The ABC15 Investigators are expanding a probe into a potential safety defect that has the federal government taking action.
A QUICK DECISION
Estee Piehl kept the tiny piece of plastic that she says almost ended her life.
“It’s a miracle that we escaped,” she said, holding the cruise control cable from her 2004 Ford Escape.
On April 14, 2010, Piehl was driving her 6-year-old son to soccer practice in Aurora, Colorado outside of Denver, when she accelerated to change lanes. She let her foot off the gas, but her car sped up.
She told her son, “Carson, mommy can’t stop the car. Carson, mommy is trying to stop the car, I’m trying but I can’t stop the car right now.”
“The only thing he said is, ‘Mommy, something’s burning,’” Piehl said. It was her brakes.
Gaining speed down a busy street, she had a quick decision to make – “whether to slam into the back of the cars in front of me going about 65 miles an hour,” she said, “or swerve into the continuing traffic.”
She chose to swerve and narrowly missed the other cars, she said.
Both feet slammed on the brake, she said she managed to slow the car down to about 55 miles per hour.
“Literally, just by the grace of God, there was a left-hand turn lane that was open,” she said, “so I was able to get over.”
Then she did the only thing experts say you can to stop a runaway car: Put it into neutral.
With a less experienced driver, Estee thinks the outcome could have been tragic.
“When this happened to me,” she said, “I specifically said, if this had been a teenager driving that car, they probably would have died.”
A TEENAGER’S DEATH
On Jan. 27 of this year, 17 year-old Saige Bloom died after her 2002 Ford Escape accelerated out of control and crashed in Payson, Arizona.
The ABC15 Investigators were there as Bill Williams, an inspector hired by the Bloom family, used a small camera on the end of a wire to look under the Escape’s hood for the first time. He claims he found what caused the crash: a damaged cruise control cable.
He says its cover broke, the cable stuck and it forced the throttle open – and the car to travel at very high speeds.
Ford tells ABC15 that the company hasn’t completed its own investigation into what caused the Bloom accident. At this time, no lawsuits have been filed about the Bloom accident.
Read Ford’s full statement on the Bloom accident below.
NHTSA’S INVESTIGATION
But Williams says the problem goes beyond Estee and Saige’s Escapes – to any Escape equipped with the same cruise control cable and engine cover design as the 2002-2004 V6 models.
“As long as that car is on the road,” he said, “it’s going to need service.”
The cruise control cable on some Ford Escapes can break too easily, creating the potential for sudden acceleration.
“I know that there’s more out there,” he said, “that are running around with that bind in there, just waiting for the right circumstance to happen.”
A Ford mechanic found the same type of broken cable and stuck throttle under the hood of Estee Piehl’s Escape in Colorado. “Fitting had become wedged due to the inner cable guide being broke,” the mechanic wrote when Piehl brought her car in for service after it accelerated out of control two years ago.

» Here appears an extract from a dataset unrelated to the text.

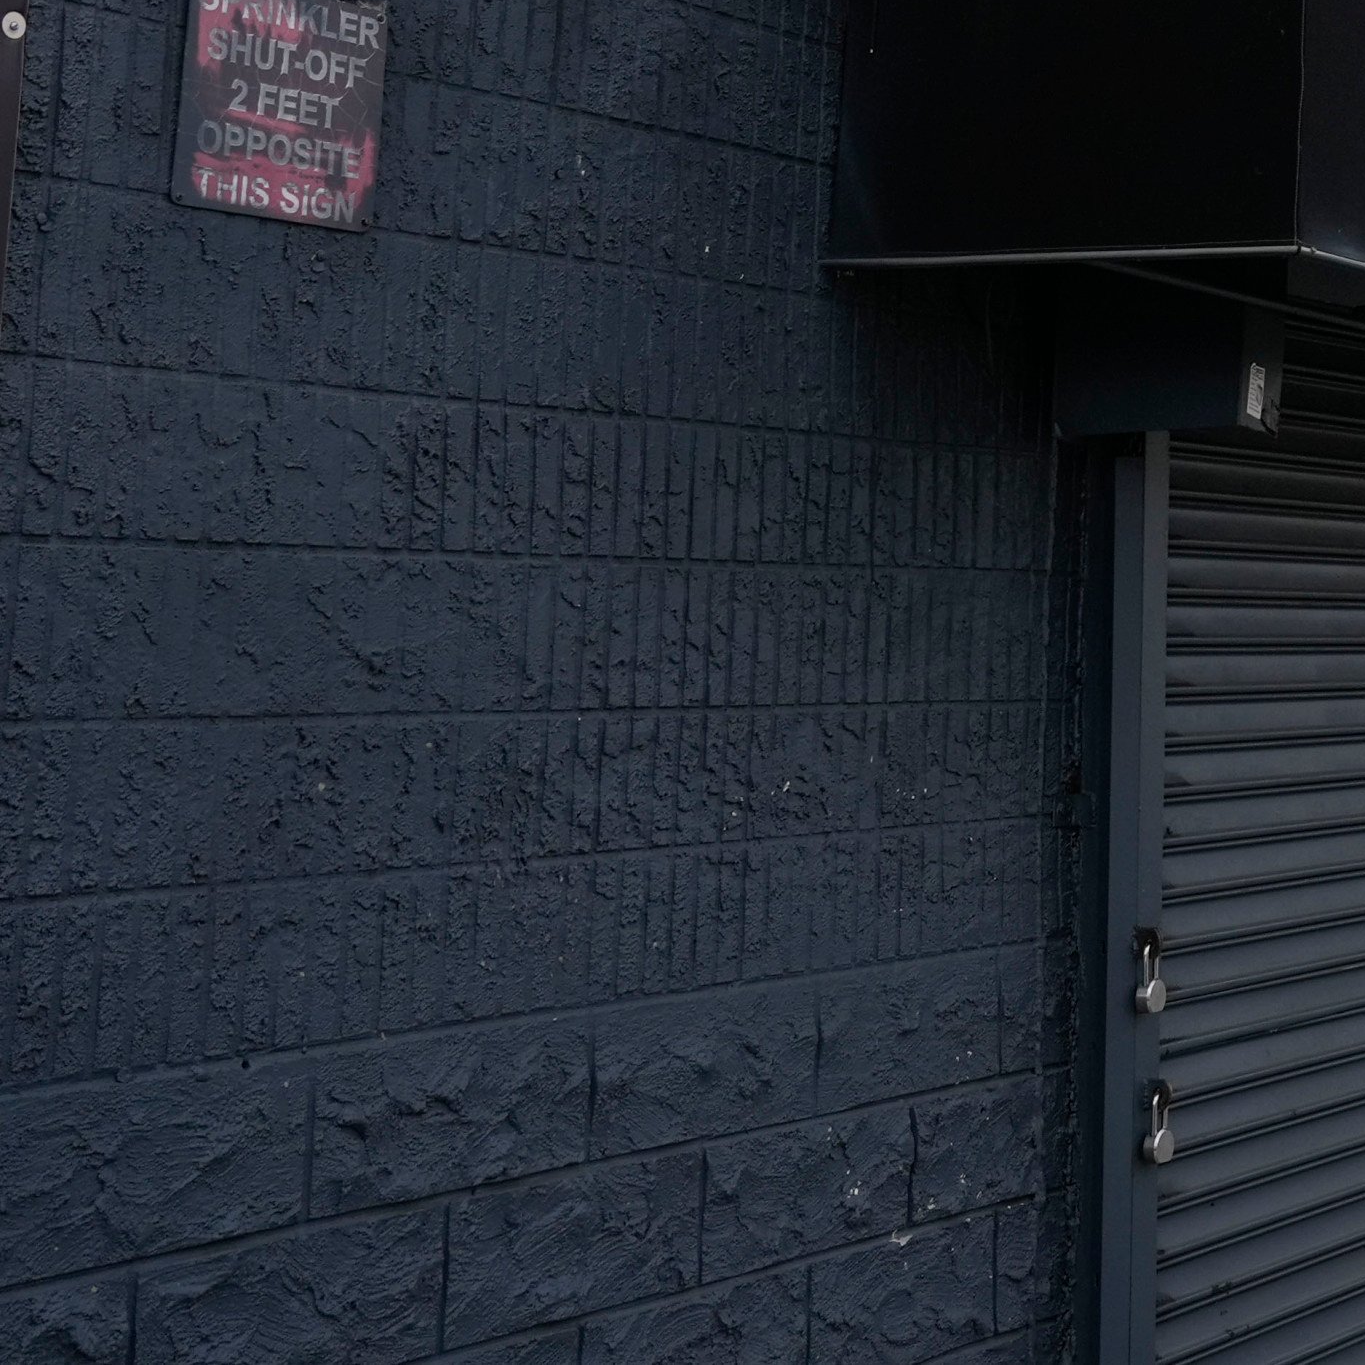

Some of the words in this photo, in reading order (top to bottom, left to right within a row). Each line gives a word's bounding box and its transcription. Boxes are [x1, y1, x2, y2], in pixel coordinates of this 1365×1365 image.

Now the federal government is concerned about the same issue.
After the ABC15 Investigation, the National Highway Traffic Safety Administration (NHTSA) opened an investigation into V6 engine Ford Escapes and Mazda Tributes for a potential safety defect that could lead to stuck throttles and vehicle crashes.
The agency is investigating 730,000 model year 2001-2004 Escapes and Tributes.
The agency says it found 99 complaints alleging stuck throttles in these SUVs, including 13 crashes, 9 injuries and one death. The complaints the agency is investigating include those of “accelerator cable failure, cruise control cable failure and/or stuck throttles,” according to NHTSA.
The agency has not reached any conclusions in its investigation and Ford tells ABC15, “we are aware of the investigation and we are fully cooperating with NHTSA on it.”
Mazda tells ABC15, “we are cooperating with NHTSA on their investigation and will advise on next steps at an appropriate time.”
The ABC15 Investigators found in complaints posted on NHTSA’s website that some owners of affected Escapes describe similar issues found in both Piehl’s Escape and the one Saige Bloom was driving the day she died.
In California, an owner wrote that “the cruise control cable failed and jammed the throttle cover” in a Ford Escape. In Ohio, another writes, “the cruise control cable was the cause of the failure.”
Estee Piehl’s is one of the 99 complaints cited in NHTSA’s investigation. Hers is case number 10325817.
“The dealer performed a diagnostic test which revealed that the vehicle cruise control cable had broken,” Piehl’s NHTSA complaint says.
Piehl says she’s still amazed that she and her son survived the incident.
“I’m just grateful that he’s going into third grade next year,” she said, “and we lived through it.”